Only one span belongs in the answer: the line holding "this 2212×1659 image." through the last line of the entries below, retyped exactly.

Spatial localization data

^^^^^^^^^^^^^^^^

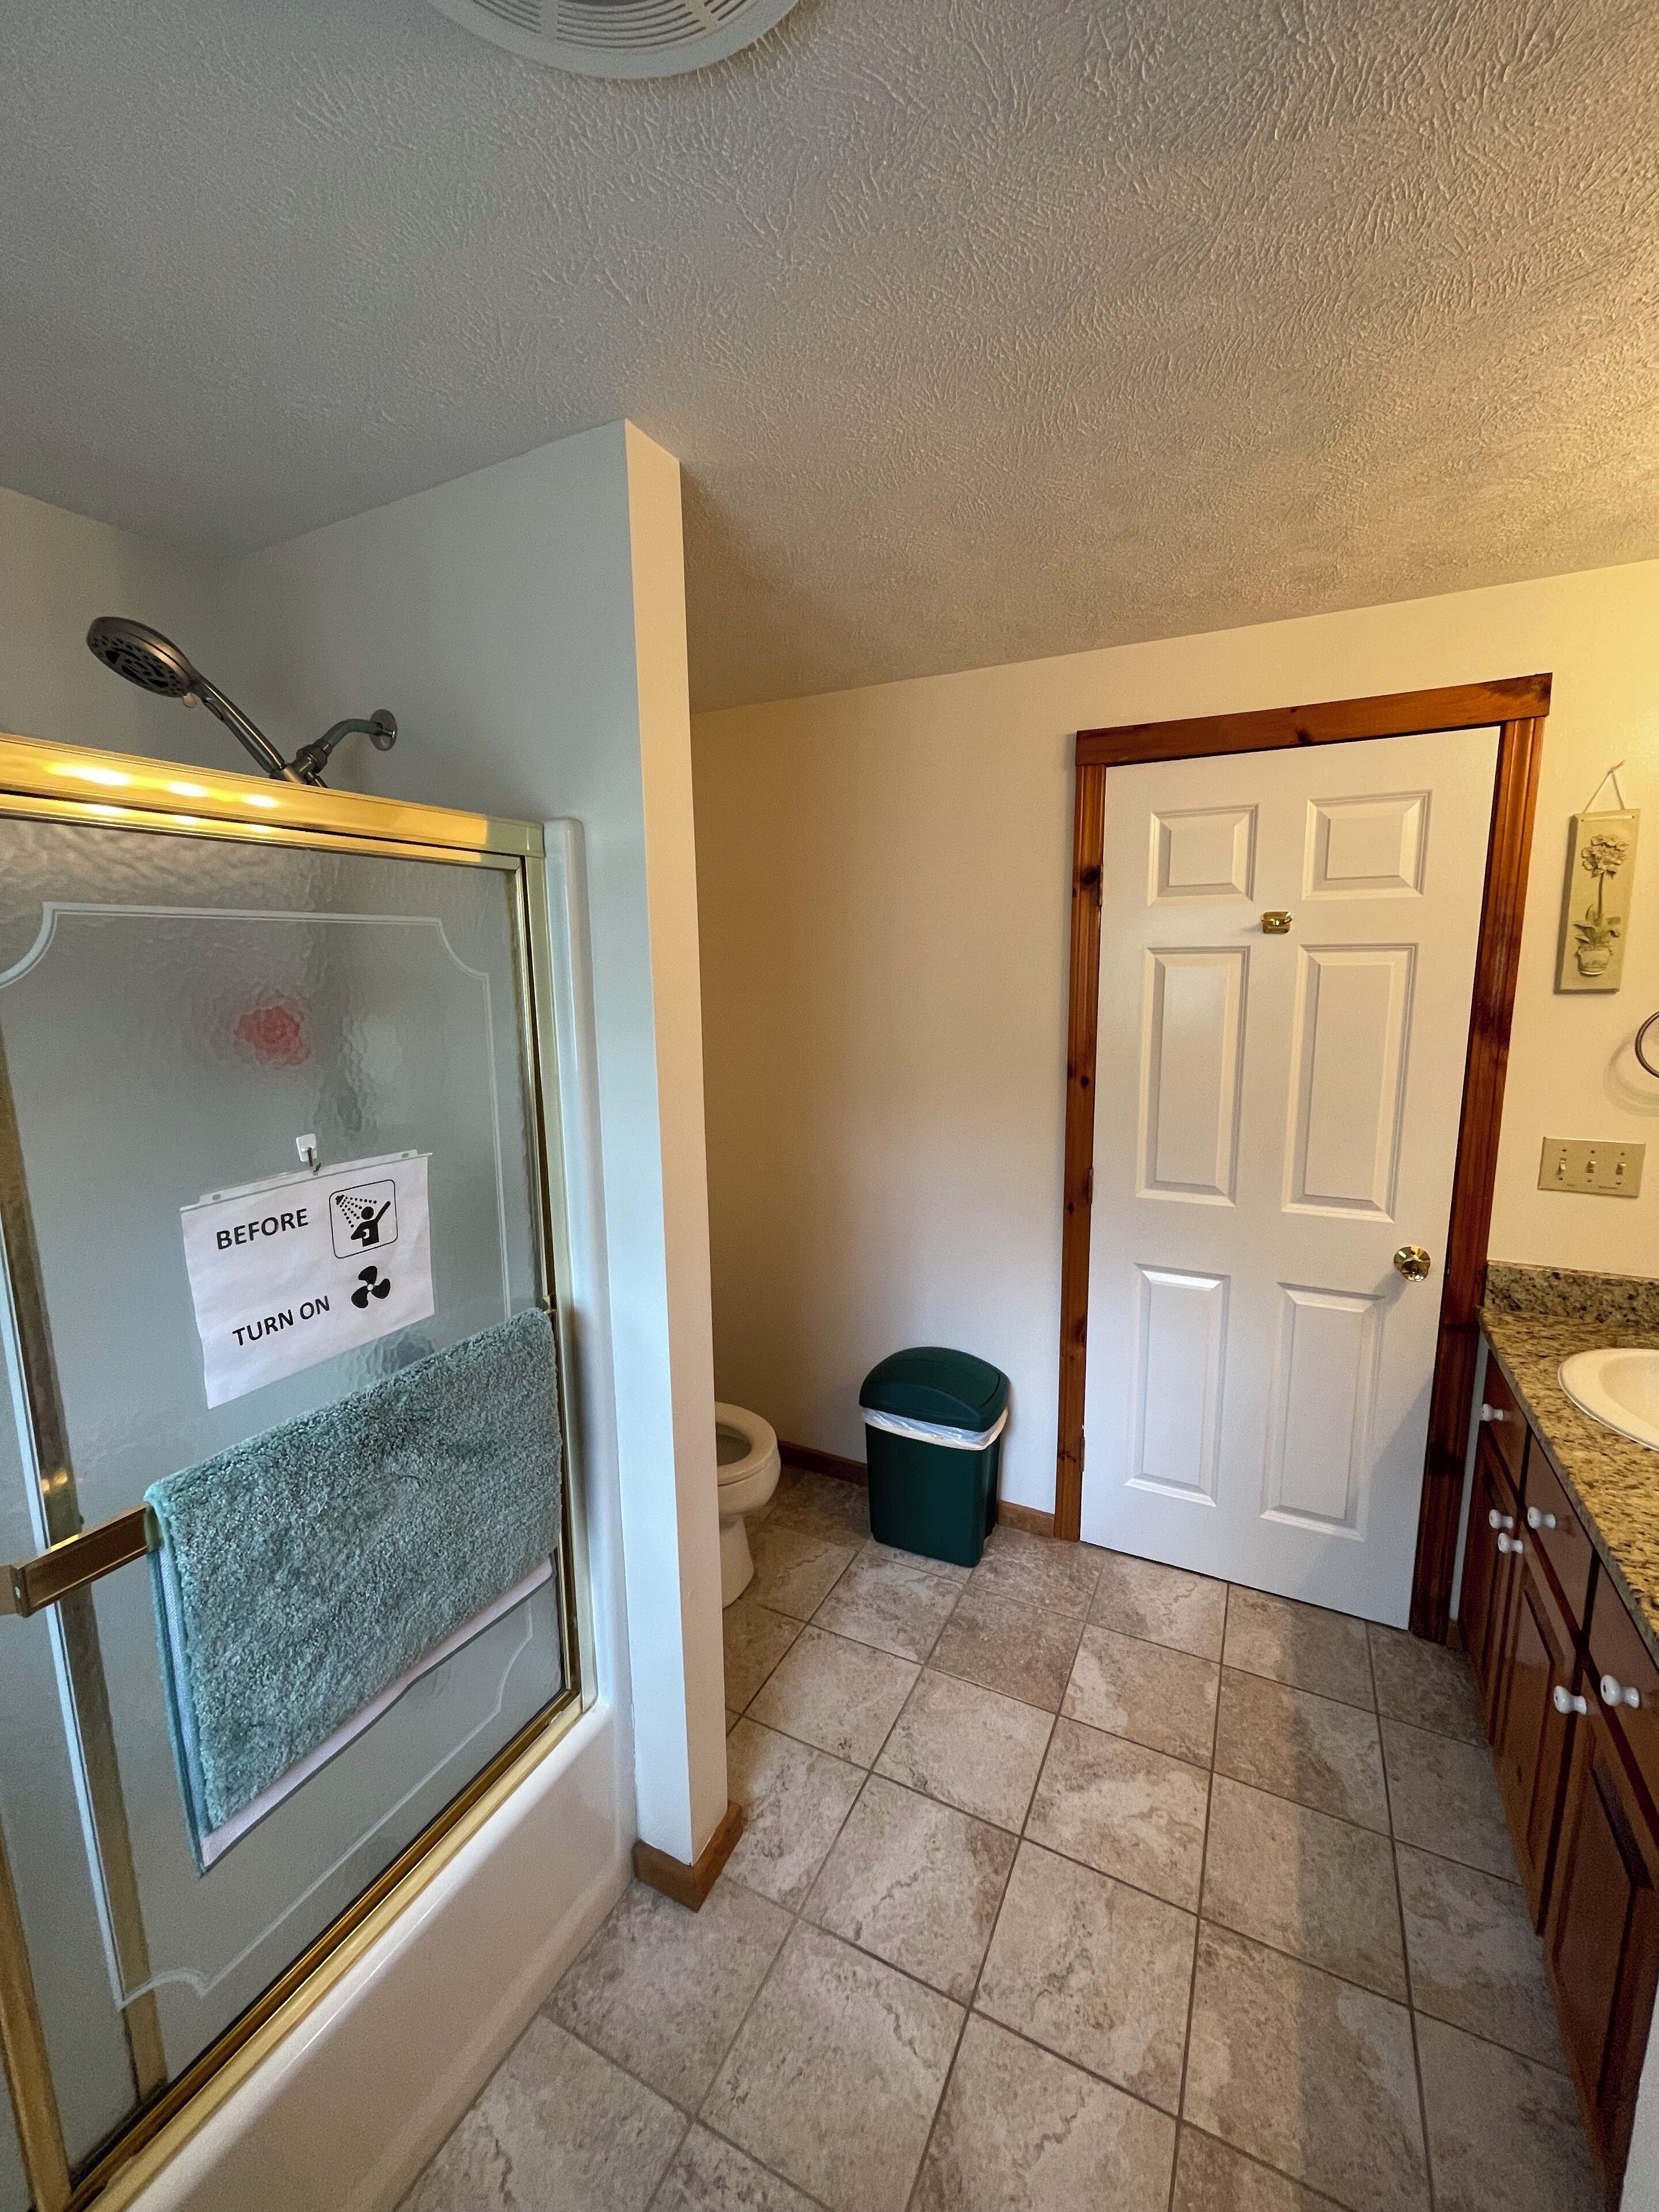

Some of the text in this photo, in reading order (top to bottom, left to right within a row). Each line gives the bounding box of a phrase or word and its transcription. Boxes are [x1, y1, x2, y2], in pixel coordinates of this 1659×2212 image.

[216, 1208, 309, 1250] BEFORE
[232, 1295, 330, 1346] TURN ON
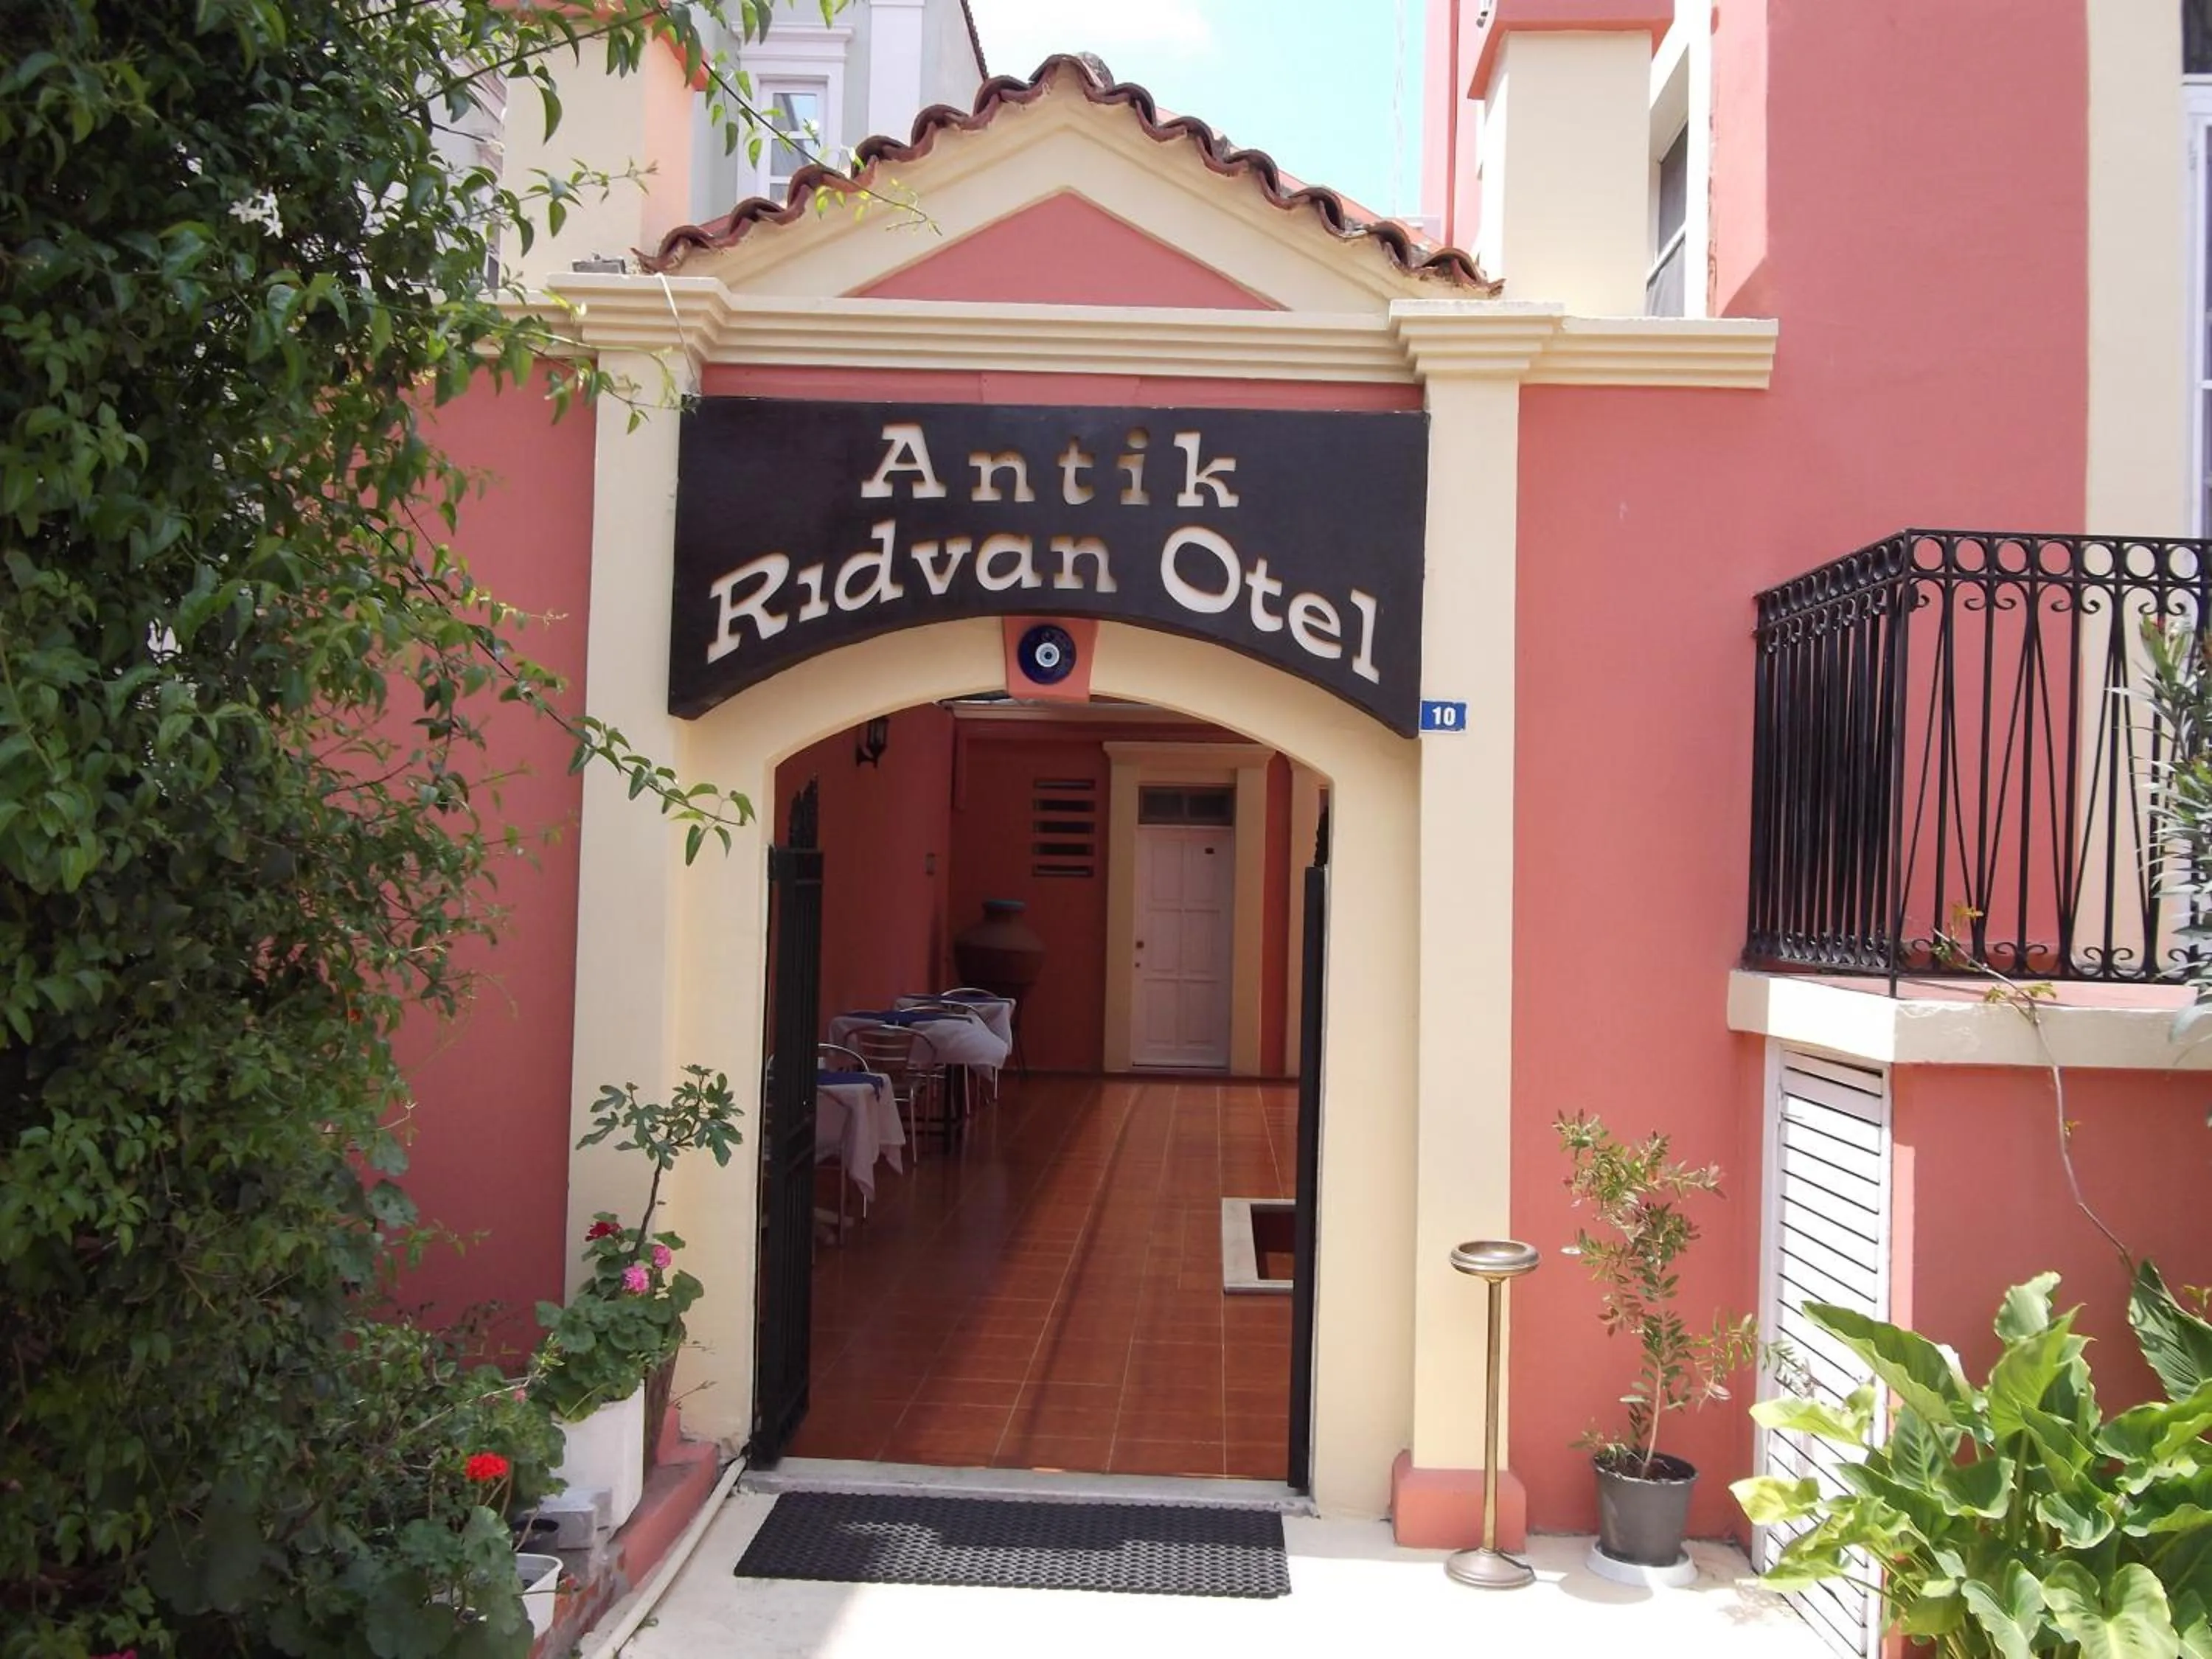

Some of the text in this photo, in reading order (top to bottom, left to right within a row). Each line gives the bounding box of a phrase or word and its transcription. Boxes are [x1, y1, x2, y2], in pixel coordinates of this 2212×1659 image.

[860, 423, 1239, 508] Antik
[1160, 526, 1380, 685] Otel
[1432, 706, 1456, 726] 10

^^^^^^^^^^^^^^^^

◆ OUTPUT FOR THIS EXERCISE
Some of the text in this photo, in reading order (top to bottom, left to right within a row). Each line gives the bounding box of a phrase or word and its transcription. Boxes are [x1, y1, x2, y2], in pixel coordinates of this 2212×1659 image.

[860, 423, 1239, 508] Antik
[1160, 526, 1380, 685] Otel
[1432, 706, 1456, 726] 10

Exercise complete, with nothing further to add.